Hacking AI for the big bang: Exposing risks of sensitive data leaks

Given its mutable ethics, manipulating AI into yielding information on sensitive subjects, such as how to make nuclear bombs, is not difficult

In 1975, Princeton physics undergraduate John Aristotle Phillips wrote a paper on how to make an atom bomb, using only publicly available information. Phillips wished to prove the technical knowledge was easily available.

 

If you know how, all you need to make a big bang is enriched radioactive material, which isn't easily available. The engineering base to fashion other components is available in any nation that can make a car.

 

Phillips designed the device and did the calculations. His adviser was the legendary Freeman Dyson, who gave him an “A” and redacted the paper from public domain.

 

Subsequently, North Korea and Pakistan, sourced the equipment to enrich uranium and went nuclear. Iran, Syria and Iraq have thus far been prevented from doing so, only by a combination of violent aerial attacks on reactors, cyber attacks on equipment, and targeted assassination of scientists. Phillips’ point has been proved.

 

In August 2024, a 20-year-old maths student from the University of Waterloo decided to build a fusor. A fusor is a device that uses electrostatic fields to accelerate ions enough to achieve nuclear fusion.

 

An atom bomb, ala Hiroshima (which Phillips designed), works by splitting elements in a process called fission. This converts excess particles into energy.

 

Fusion is the way in which stars and “hydrogen bombs” (aka thermonuclear weapons) work. Compress elements together with enough heat and pressure and you transmute them, with excess particles being converted into energy.

 

Fusion is cleaner, with much less radiation, and far more efficient conversion of matter to energy. But it can require monstrous amounts of heat and pressure to start fusion.

 

Nuclear fission reactors, which generate power in a controlled fashion, are common enough. But nobody has yet managed to design a fusion reactor that generates more power than is required to start fusion.

 

Fusion reactors often use deuterium, a more reactive isotope of hydrogen. It’s found naturally in small quantities in water and can be easily isolated. Deuterium water can be sourced in India at about Rs 25,000 per 100 grams. That’s enough for many experiments.

 

Fusors use two concentric spherical grids with a big difference in electrical potential. When deuterium gas, or deuterium water vapour, is put between them, the electric field accelerates deuterium ions toward the centre, causing fusion in a hit or miss fashion as ions collide.

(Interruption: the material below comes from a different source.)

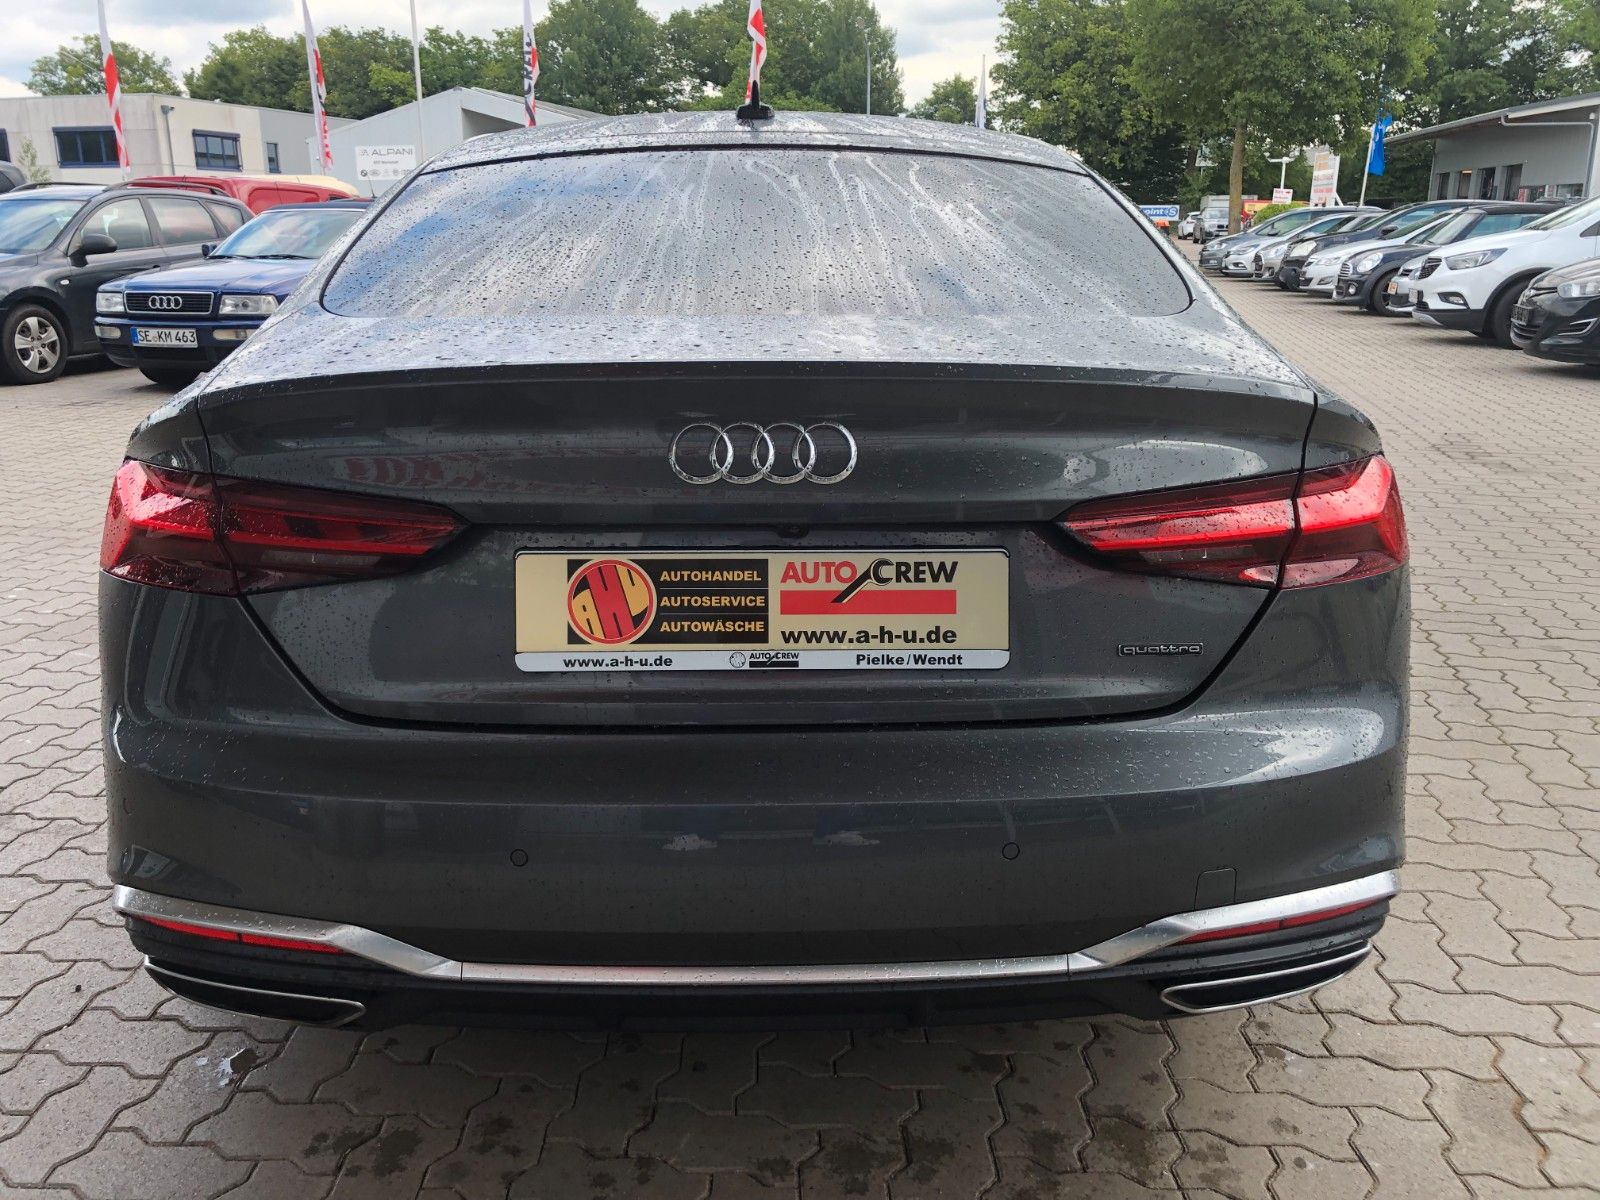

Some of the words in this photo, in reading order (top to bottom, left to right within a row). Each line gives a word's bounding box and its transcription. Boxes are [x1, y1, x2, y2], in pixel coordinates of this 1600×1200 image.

Fusors are used in research, education, and as neutron sources, in labs and universities.

 

Hudhayfa Nazoordeen, known as HudZah online, hails from Sri Lanka. He knew nothing about physics or hardware processes. His “adviser” was Claude Projects, the AI from Anthropic.

 

He mail-ordered the parts and deuterium water, and set it up. He live-streamed the demo for 36 hours. He also provides detailed technical descriptions on his Substack. The research with the help of Claude took a total of 51 hours. If we apply the Larsen & Toubro work ethic ( HudZah is not married), he did it well under the 90 hour-work week deadline.

 

Claude Projects allows users to create repositories of text, photos and data related to a given task. As you add more information, training improves.

 

Claude wasn’t a willing participant in the research & development (R&D). Nuclear energy is one of those subjects AIs are discouraged from discussing. Building a fusor is risky. HudZah could have been fried, or exposed to high radiation.

 

HudZah found ways to walk around Claude’s safety rails. His project had e-mails with physics nerds, parts lists, spreadsheets, extracts of books and diagrams. His questions focused on small specific details. Eventually, he got the information he needed, and he did not kill himself.

 

HudZah belongs to a generation that is comfortable with AI. He reads by inserting PDFs of books into Claude or ChatGPT and querying the AI as he reads. He uses AIs like Granola to transcript lectures for integrated querying. He uses Globe Explorer for fast professional explanations of engineering processes.

 

He knows how to fool AI into yielding information on sensitive subjects. Other users with high AI comfort have looked at military applications of commercial drones, 3D printing of automatic weapons, ways to make IEDs, motion-activated weaponry, synthesis of fentanyl, and ways to painlessly commit suicide.

 

The ethics of AI are mutable, unlike the ethics of Freeman Dyson. Given open source AI, where the user can modify code to remove guardrails, this could go anywhere.